Pictures of Ned RocknRoll taken at a private party were on Facebook for two and half years for all the world – and particularly James Pope’s 1,500 Facebook “friends” – to see. I understand that The Sun found them on a trawl of publicly-viewable Facebook pages. So how can they possibly now be considered private?
To find out we must await publication of Mr Justice Briggs’ reasoning, expected in nine days’ time, for his decision yesterday to uphold an interim privacy injunction first granted last week.
The Sun has paid the price for going to RocknRoll in advance of publication for a comment on 2 January.
The result was for Pope to take the photos down and for RocknRoll, after previously apparently voicing no objection to them being visible to anyone with a computer and the inclination to search for them, has deemed them to be private.
The Sun argued that they were in the public interest because RocknRoll was a public figure after marrying the actress Kate Winslet and because he had sold photographs of a previous wedding to Hello! Magazine.
To take a proper view on whether publication is in the public interest one would need to know exactly what it was RocknRoll was doing that he is now so keen to hide.
But it seems to me that in this case the public interest argument is probably a bit thin and in any case irrelevent.
Newspapers and broadcasters regularly publish all manner of material which cannot remotely be said to fulfil any legal definition of the ‘public interest’. They would be very dry publications and news programmes if they purely confined themselves to material which was deemed to serve some public good.
So the question with Ned RocknRoll isn’t whether publication was in the public interest, but whether the pics constituted a breach of his privacy.
After being viewed by up to 1,500 Facebook “friends”, and many more people on the wider internet besides, I would argue that the cat was out of the bag on that one and privacy doesn’t come into it.
Copyright is another question, not the subject of last week’s injunction.
But it is worth noting that when you publish a photograph on a publicly-viewable Facebook page – Facebook’s own terms and conditions are very clear in warning that you are making it public property.
They state: “When you publish content or information using the Public setting, it means that you are allowing everyone, including people off of Facebook, to access and use that information, and to associate it with you (i.e., your name and profile picture).”
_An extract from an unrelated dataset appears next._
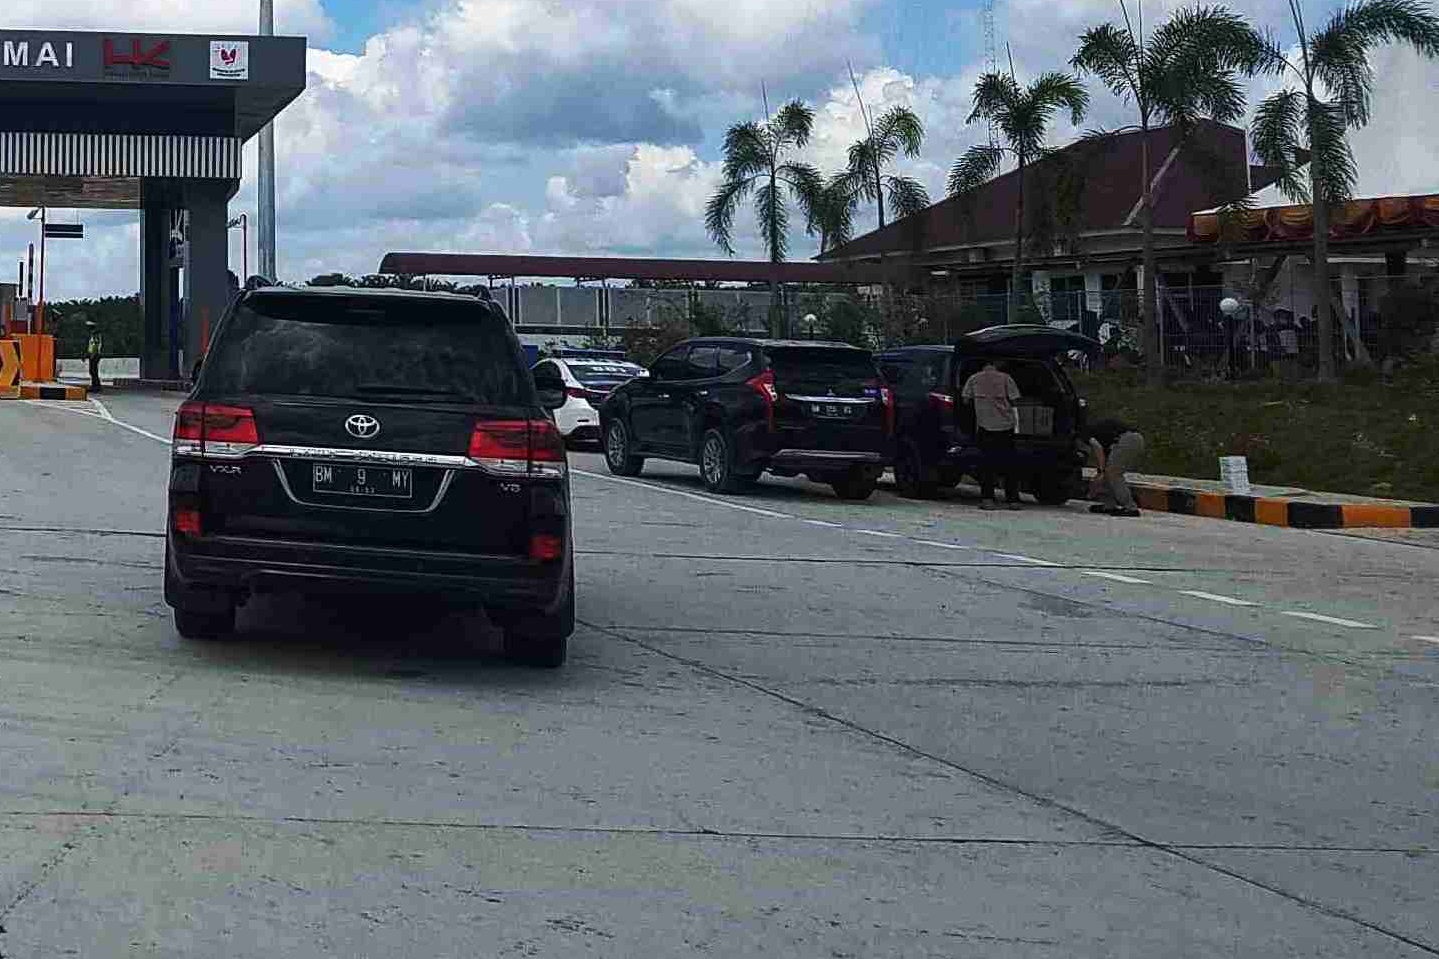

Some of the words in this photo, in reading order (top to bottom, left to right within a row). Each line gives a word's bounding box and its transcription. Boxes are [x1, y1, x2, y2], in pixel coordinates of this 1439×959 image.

[315, 465, 333, 483] BM
[356, 468, 367, 486] 9
[392, 471, 410, 488] MY
This case isn’t going to become a touchstone for press freedom. As far as I’m concerned RocknRoll could have daubed himself in pigs’ blood and proclaimed his eternal loyalty to Satan at that fancy dress party two years ago and it would be his own affair and nothing to do with me (he didn’t, I’m just making a point).
But once pictures have been viewed more than a thousand times online without complaint, can they really still be considered “private”?